By becoming larger, Philadelphia-based CoreStates will be able "to leverage our investments in technology and our delivery systems, particularly in retail," said chairman and chief executive officer Terrence A. Larsen, who is to keep those titles at the combined entity.

CoreStates' share price fell $1.50 Tuesday, to $37, apparently reflecting concern about the high premium. Meridian gained $4.0625, to $42.875, but the announcement failed to spur gains in other bank stocks caught in the market's turbulence. (See back page.)

CoreStates said it could sustain 7.4% dilution in earnings per share next year, a "worst case" scenario that doesn't account for potential new revenues. CoreStates also predicted substantial in-market cost savings that would make the deal accretive in 1997.

Citing analysts' consensus, CoreStates said the combined company would earn $3.98 a share next year and $4.75 in 1997.

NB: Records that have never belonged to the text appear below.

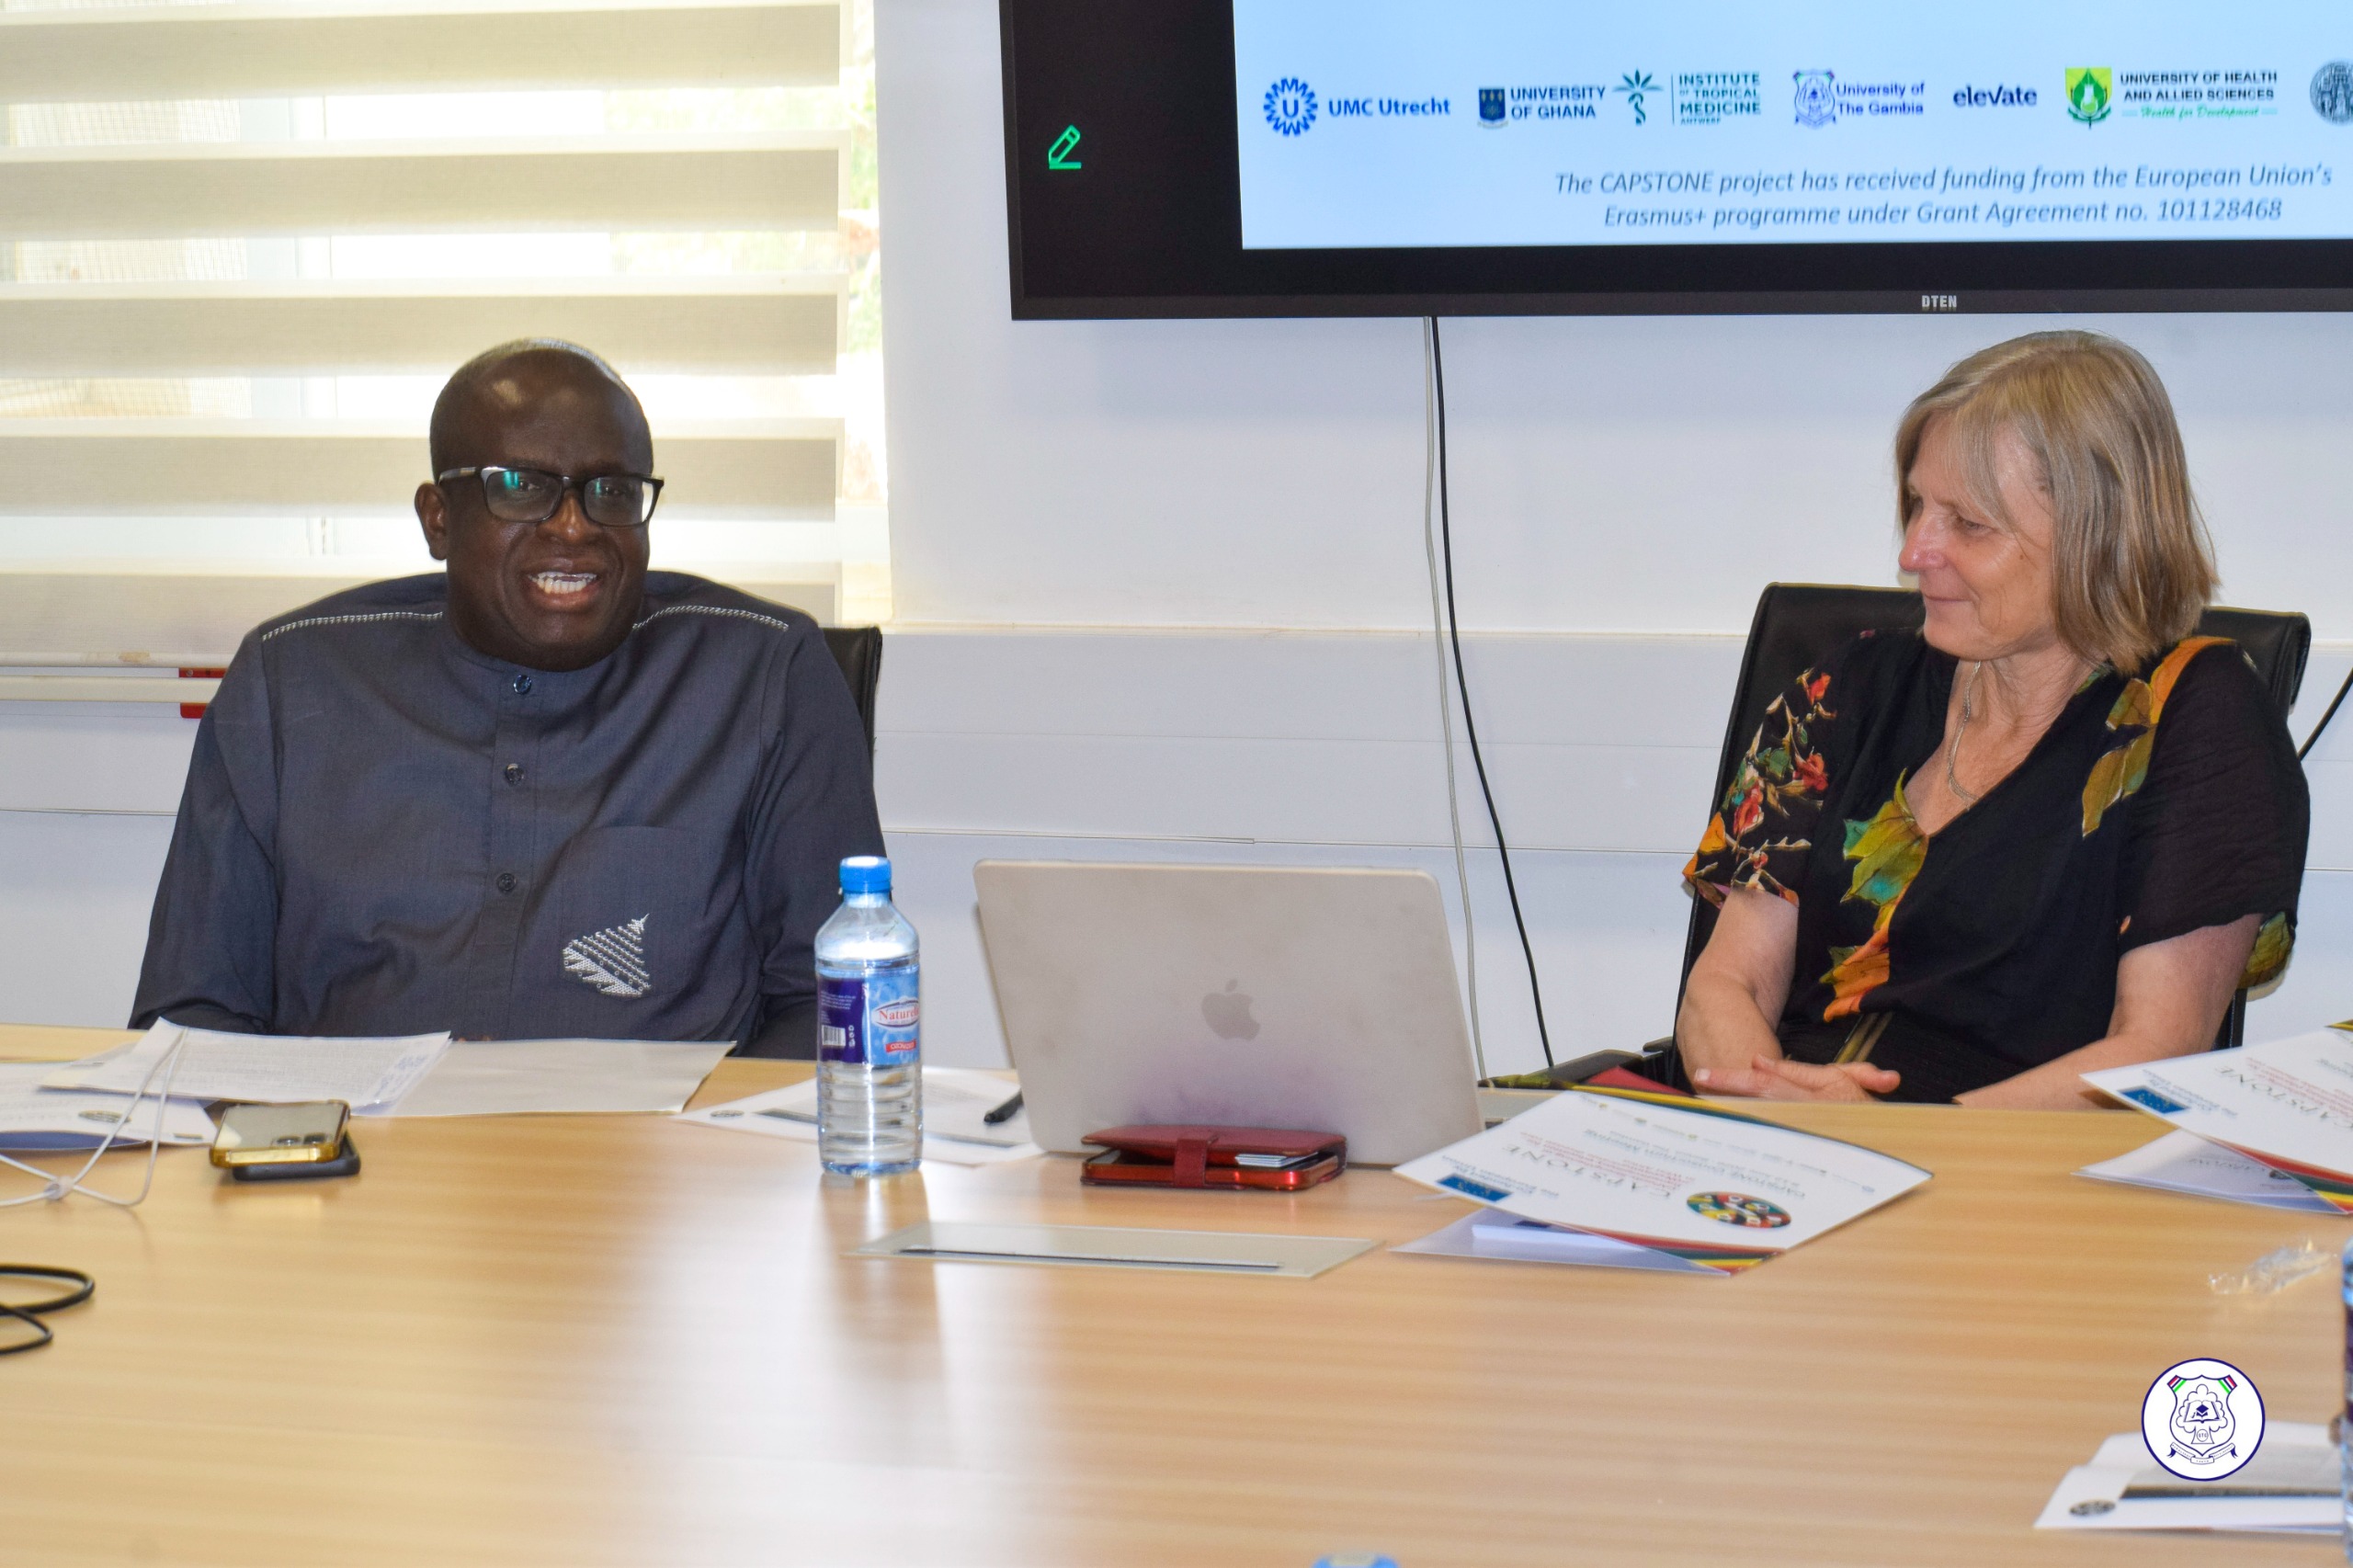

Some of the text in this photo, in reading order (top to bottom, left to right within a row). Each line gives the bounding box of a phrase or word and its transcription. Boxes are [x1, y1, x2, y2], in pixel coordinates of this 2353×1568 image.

[1679, 73, 1760, 85] INSTITUTE
[2120, 71, 2278, 85] UNIVERSITY OF HEALTH
[1511, 85, 1606, 101] UNIVERSITY
[1694, 87, 1760, 99] TROPICAL
[1836, 81, 1925, 97] University of
[2124, 88, 2274, 102] AND ALLIED SCIENCES
[1328, 96, 1451, 117] UMC Utrecht
[1511, 104, 1596, 119] OF GHANA
[1680, 101, 1761, 115] MEDICINE
[1839, 101, 1924, 116] The Gambia
[1556, 172, 1592, 194] The
[1600, 171, 1714, 193] CAPSTONE
[1719, 170, 1794, 197] project
[1802, 170, 1838, 191] has
[1846, 167, 1936, 191] received
[1939, 165, 2025, 194] funding
[2029, 165, 2085, 192] from
[2094, 165, 2127, 187] the
[2135, 165, 2241, 191] European
[1604, 198, 2282, 230] Erasmus+ programme under Grant Agreement no. 101128468
[1921, 295, 1958, 308] DTEN

The companies issued summary earnings reports for the third quarter. CoreStates raised its income by 28%, to $133.9 million, or 96 cents a share, with returns on assets of 1.85% and equity of 22.91%.

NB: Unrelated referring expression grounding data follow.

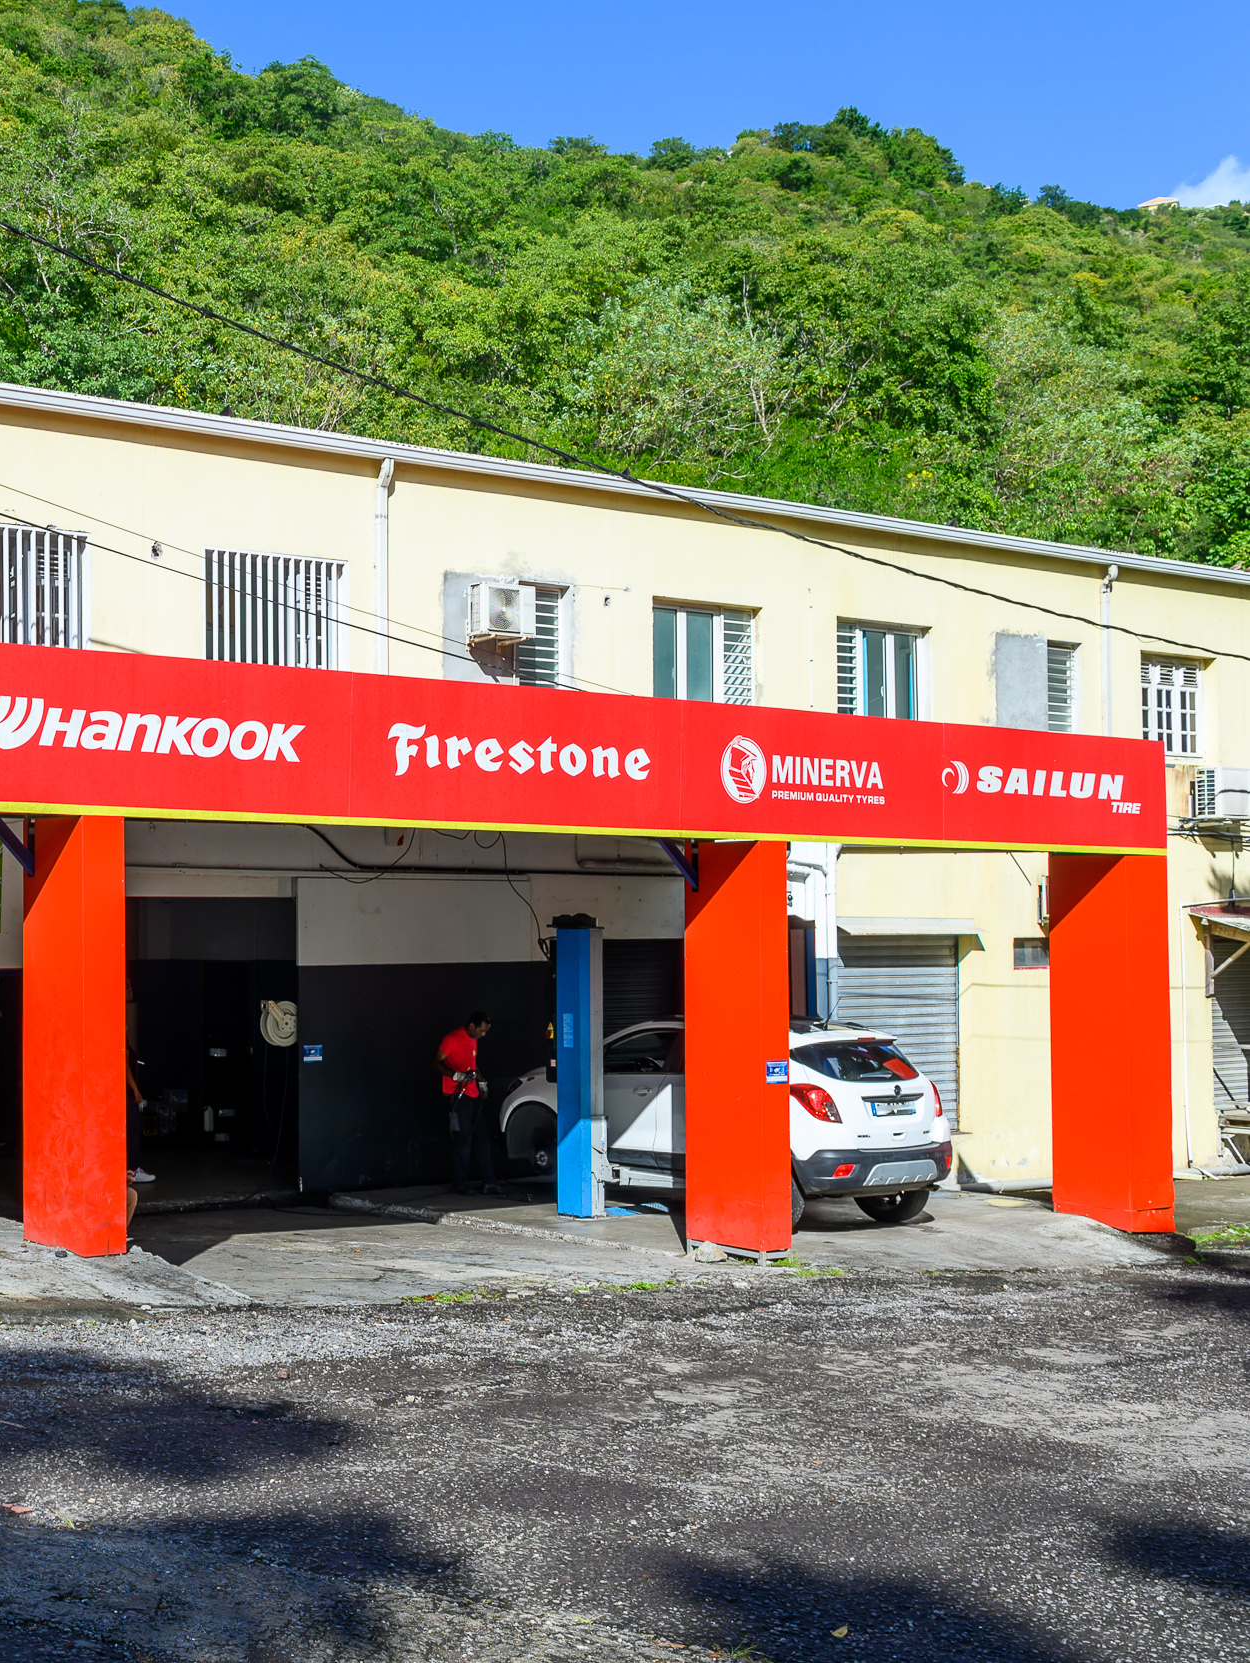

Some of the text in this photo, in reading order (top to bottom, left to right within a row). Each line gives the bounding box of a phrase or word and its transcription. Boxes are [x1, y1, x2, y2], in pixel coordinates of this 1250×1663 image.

[387, 722, 651, 781] Firestone
[771, 754, 884, 790] MINERVA
[976, 765, 1124, 801] SAILUN
[771, 789, 886, 806] PREMIUM QUALITY TYRES
[1110, 801, 1142, 815] TIRE

Meridian earned $54.4 million, or 96 cents a share.

The two companies, which have been busy cutting work forces and branch networks, said they anticipated further staff reductions of "less than 10%" of their combined 19,127. They also plan to close or sell 115 of their 667 total branches.

Counting ongoing reegineering and cost reduction drives, CoreStates said it would achieve $186 million in annual, pretax cost reductions, or 35% of Meridian's cost base, by the time the merger is consummated in the second quarter of next year. Of those savings, $112 million would be personnel- related.

CoreStates also said it would incur a restructuring charge of about $175 million pretax in the quarter the deal closes.

"I think it makes strategic sense for CoreStates, but it is (paying) a full price," said Sandra J. Flannigan of Merrill Lynch. "They will need to realize the types of cost savings they're talking about as well as ensure that the revenue loss isn't significant."

The two branch networks overlap the most in eastern Pennsylvania and in New Jersey, where CoreStates stands to boost its market share substantially.

Following the merger, CoreStates will be No. 1 in deposits in what will be its top four markets - Philadelphia (23%), Reading (46%), Trenton, N.J. (33%), and Pennsylvania's Allentown-Bethlehem area (27%).

With Mr. Larsen, 49, as chairman and CEO of the combined CoreStates, Samuel A. McCullough will serve as president and chief operating officer. Mr. McCullough, 56, is chairman, president, and CEO of Meridian.

The companies also designated five other members of an "office of the chairman," of whom only David E. Sparks, 51, the chief financial officer, currently works at Meridian.

For Mr. Larsen, the deal was seen as an important strategic breakthrough following a failed effort earlier this year to merge with Bank of Boston Corp. CoreStates has been criticized in the past for doing dilutive deals, but such criticism was muted Tuesday.

"Five percent dilution in 1996 is not pretty, but I don't think this represents a return to the CoreStates of old," said Dean Witter analyst Anthony R. Davis. "This is one of the few deals they felt they had to do in-market, and I do believe people are underestimating the earnings power of this thing."

Meridian's decision to sell out came as no surprise.

Rumors were flying last month on the eve of an annual board planning meeting. At a press conference Tuesday, Mr. McCullough did not deny reports that his board was pressuring for the sale. He said Meridian was merely considering all options.

Mr. Larsen said the two companies had held informal discussions for a number of years, but didn't begin serious negotiations until two weeks ago.

CoreStates has several specialties, including international trade services, asset-based lending, credit cards, and transaction services that can be delivered through Meridian's distribution system. CoreStates was the founder of the MAC automated teller network, now a joint venture of several other superregional banks. Meridian is one of the biggest participating members.

Meridian contributes strengths in trust, money management, and small- business lending, and a strong telephone center and in-home banking program.

J.P. Morgan and Keefe, Bruyette & Woods advised CoreStates on the transaction. Meridian utilized the investment banking services of Goldman Sachs, Lehman Brothers, and Morgan Stanley.